§ DATASET EXCERPTS
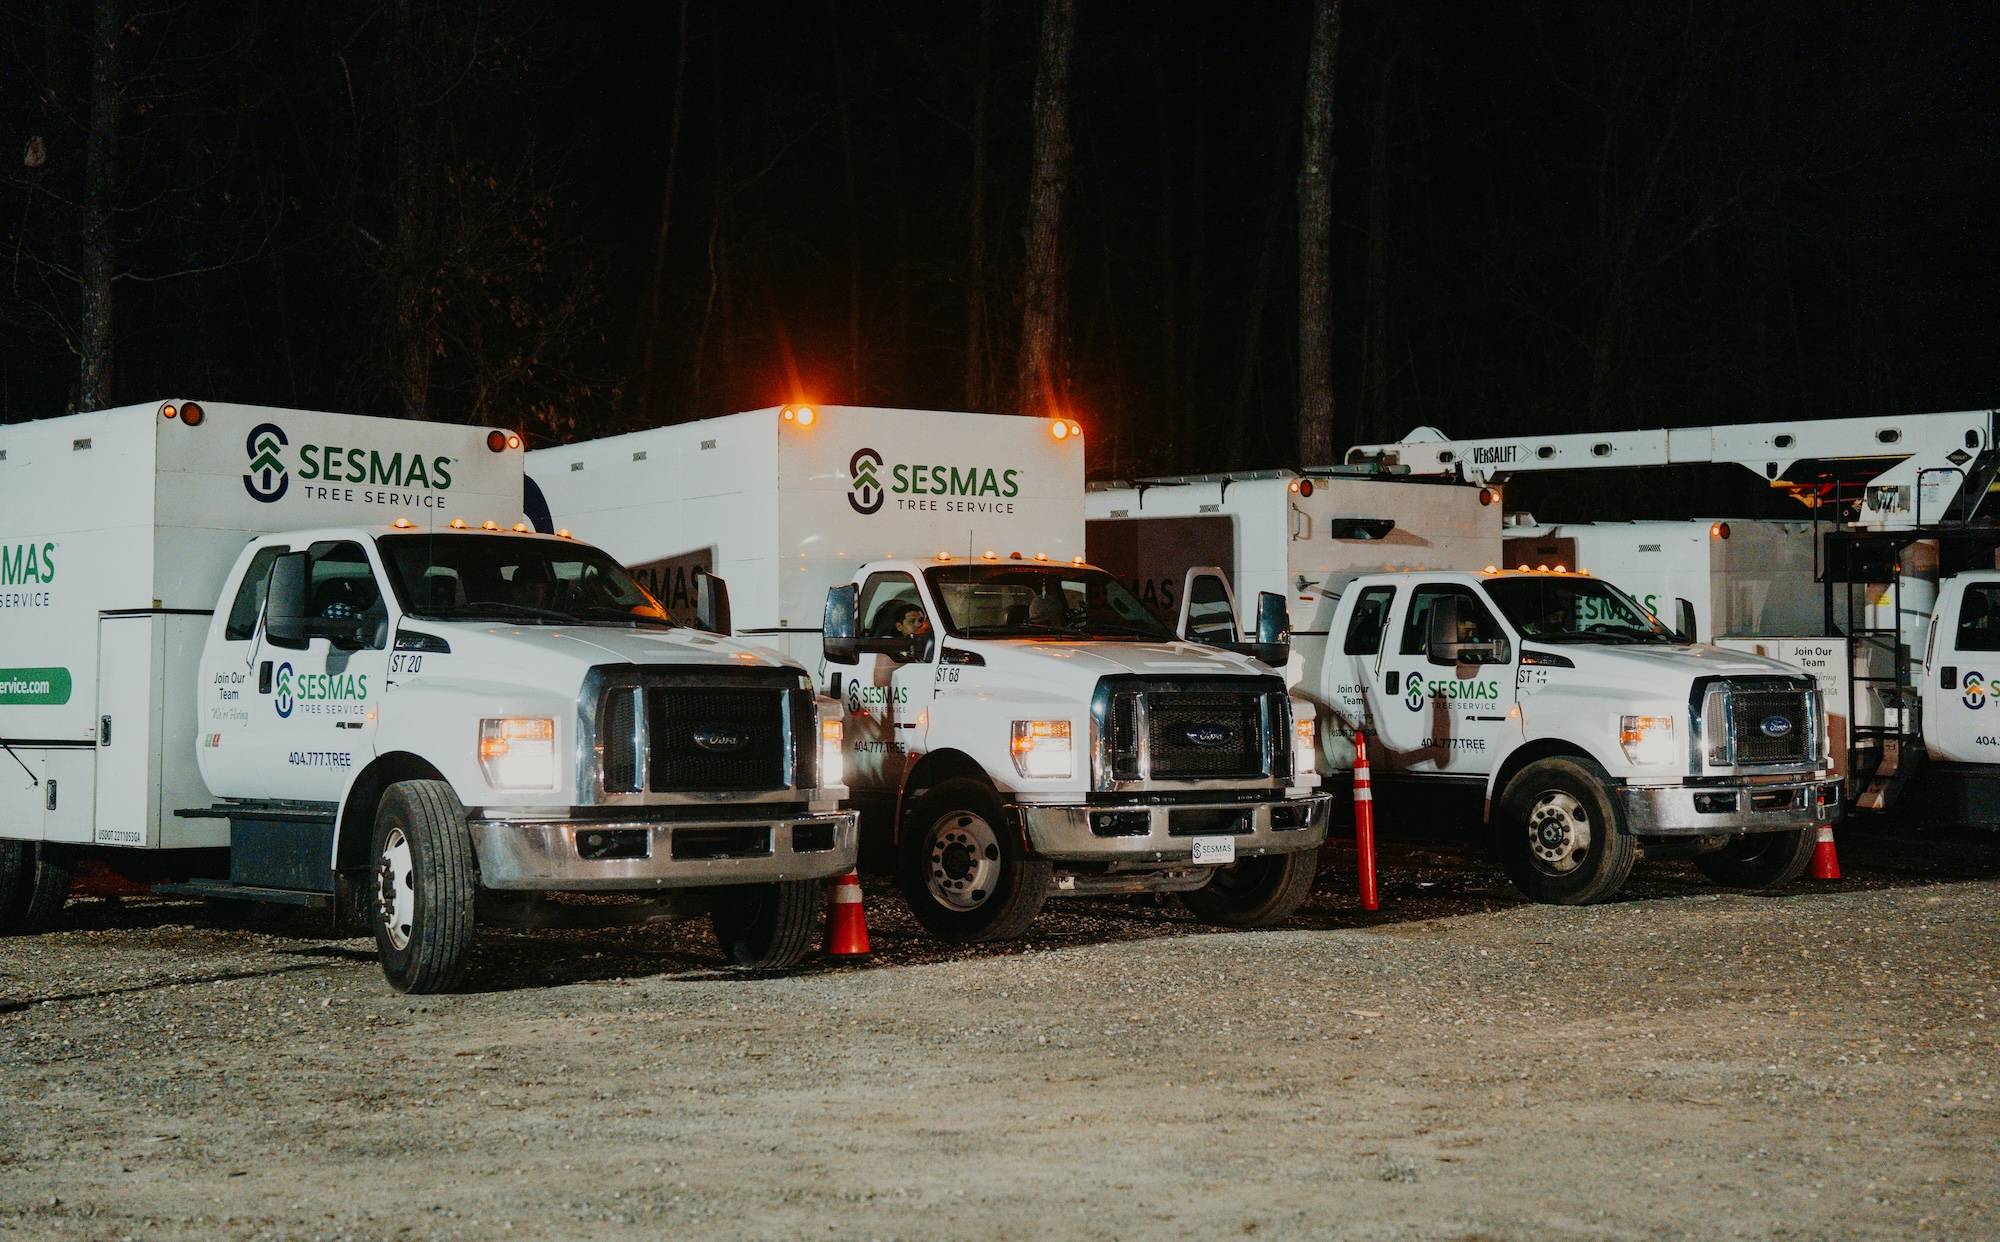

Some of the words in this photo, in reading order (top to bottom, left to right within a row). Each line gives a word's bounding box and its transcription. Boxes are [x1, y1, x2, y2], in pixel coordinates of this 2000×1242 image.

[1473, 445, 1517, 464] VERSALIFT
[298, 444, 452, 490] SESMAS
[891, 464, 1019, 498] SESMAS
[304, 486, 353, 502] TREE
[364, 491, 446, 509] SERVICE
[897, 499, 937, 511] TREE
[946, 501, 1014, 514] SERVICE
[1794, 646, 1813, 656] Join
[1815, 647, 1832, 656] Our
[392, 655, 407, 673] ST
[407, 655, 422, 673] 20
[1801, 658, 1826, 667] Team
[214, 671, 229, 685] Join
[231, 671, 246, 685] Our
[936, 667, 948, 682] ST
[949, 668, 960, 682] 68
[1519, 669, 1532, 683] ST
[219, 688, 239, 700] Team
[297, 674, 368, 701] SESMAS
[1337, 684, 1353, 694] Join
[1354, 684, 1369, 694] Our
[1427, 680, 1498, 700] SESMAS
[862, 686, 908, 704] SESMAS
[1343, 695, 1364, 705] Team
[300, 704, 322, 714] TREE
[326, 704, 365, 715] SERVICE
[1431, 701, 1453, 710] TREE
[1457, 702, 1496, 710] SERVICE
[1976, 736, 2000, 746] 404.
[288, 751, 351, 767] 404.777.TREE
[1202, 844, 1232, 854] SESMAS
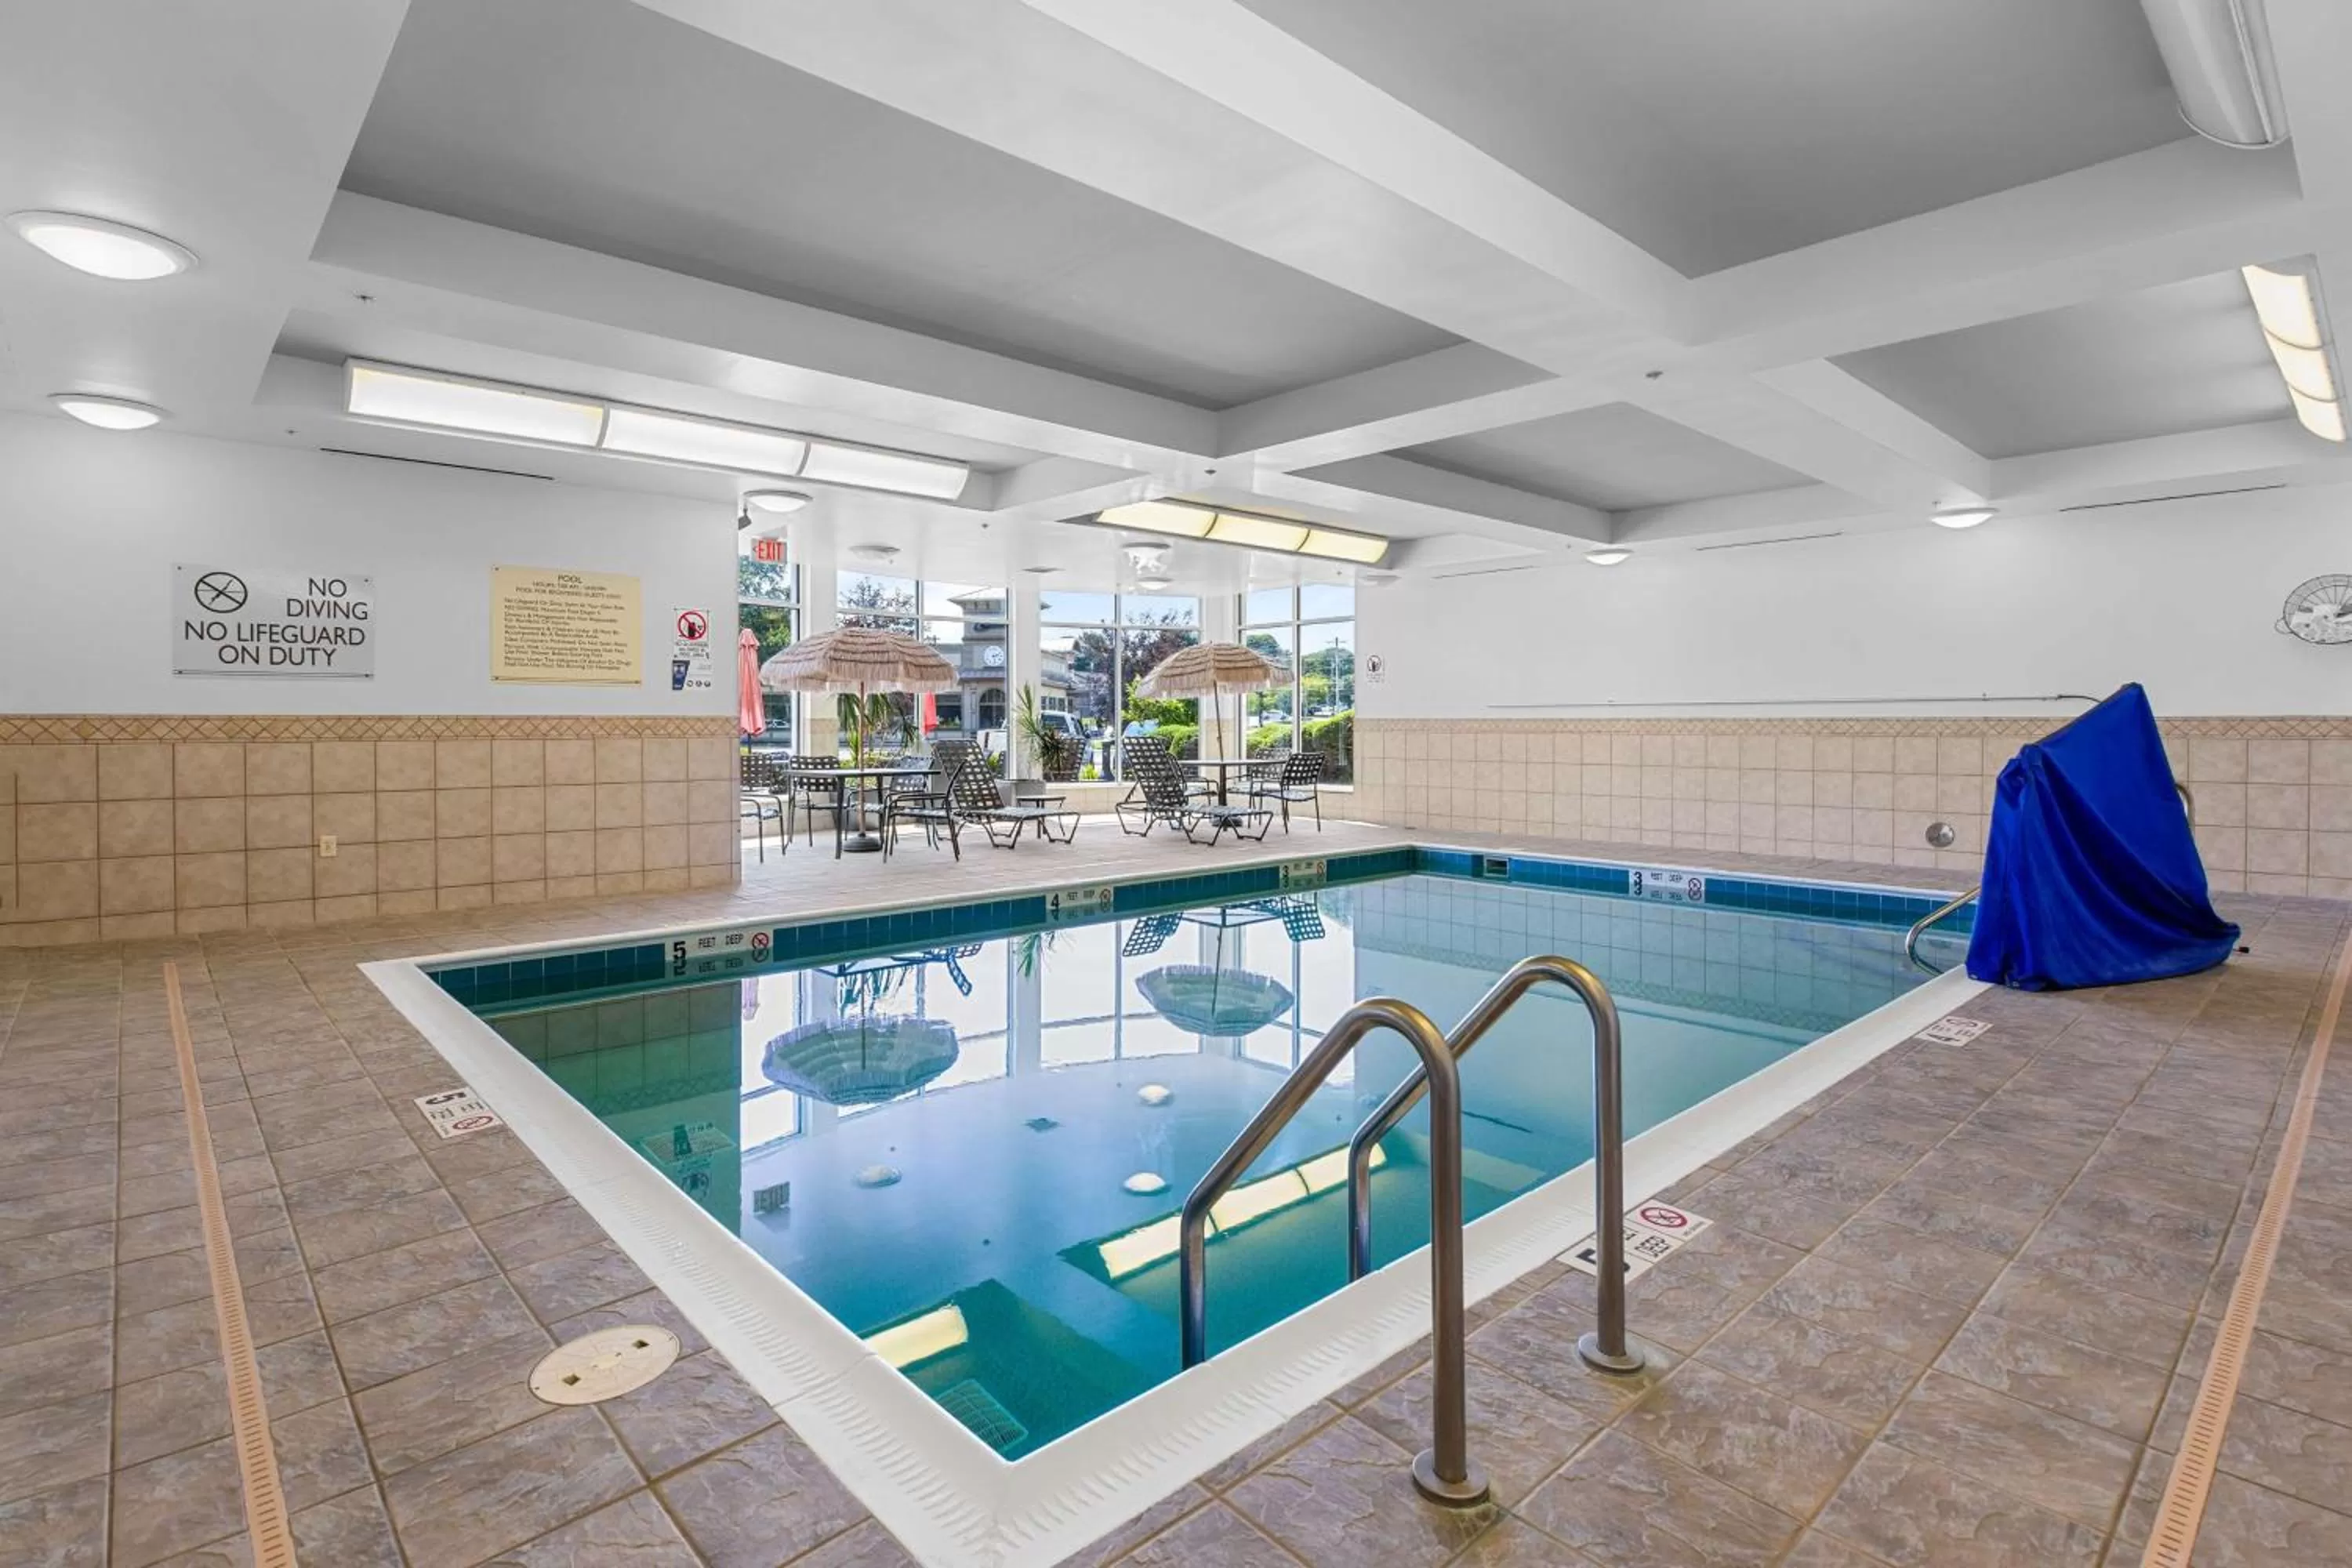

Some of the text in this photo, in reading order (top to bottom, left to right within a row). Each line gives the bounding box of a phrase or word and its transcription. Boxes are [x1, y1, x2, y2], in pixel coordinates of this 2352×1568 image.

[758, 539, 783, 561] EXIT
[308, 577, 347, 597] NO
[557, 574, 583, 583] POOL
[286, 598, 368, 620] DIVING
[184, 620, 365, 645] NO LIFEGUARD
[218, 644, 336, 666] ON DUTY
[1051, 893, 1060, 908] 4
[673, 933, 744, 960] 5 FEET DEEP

§ TASK PROMPT
Return the material word for word, images omitted.

§ SOLUTION FOR THIS PROBLEM
Some of the words in this photo, in reading order (top to bottom, left to right within a row). Each line gives a word's bounding box and its transcription. Boxes are [x1, y1, x2, y2], in pixel coordinates of this 2000×1242 image.

[1473, 445, 1517, 464] VERSALIFT
[298, 444, 452, 490] SESMAS
[891, 464, 1019, 498] SESMAS
[304, 486, 353, 502] TREE
[364, 491, 446, 509] SERVICE
[897, 499, 937, 511] TREE
[946, 501, 1014, 514] SERVICE
[1794, 646, 1813, 656] Join
[1815, 647, 1832, 656] Our
[392, 655, 407, 673] ST
[407, 655, 422, 673] 20
[1801, 658, 1826, 667] Team
[214, 671, 229, 685] Join
[231, 671, 246, 685] Our
[936, 667, 948, 682] ST
[949, 668, 960, 682] 68
[1519, 669, 1532, 683] ST
[219, 688, 239, 700] Team
[297, 674, 368, 701] SESMAS
[1337, 684, 1353, 694] Join
[1354, 684, 1369, 694] Our
[1427, 680, 1498, 700] SESMAS
[862, 686, 908, 704] SESMAS
[1343, 695, 1364, 705] Team
[300, 704, 322, 714] TREE
[326, 704, 365, 715] SERVICE
[1431, 701, 1453, 710] TREE
[1457, 702, 1496, 710] SERVICE
[1976, 736, 2000, 746] 404.
[288, 751, 351, 767] 404.777.TREE
[1202, 844, 1232, 854] SESMAS

Some of the text in this photo, in reading order (top to bottom, left to right within a row). Each line gives the bounding box of a phrase or word and its transcription. Boxes are [x1, y1, x2, y2], in pixel coordinates of this 2352×1568 image.

[758, 539, 783, 561] EXIT
[308, 577, 347, 597] NO
[557, 574, 583, 583] POOL
[286, 598, 368, 620] DIVING
[184, 620, 365, 645] NO LIFEGUARD
[218, 644, 336, 666] ON DUTY
[1051, 893, 1060, 908] 4
[673, 933, 744, 960] 5 FEET DEEP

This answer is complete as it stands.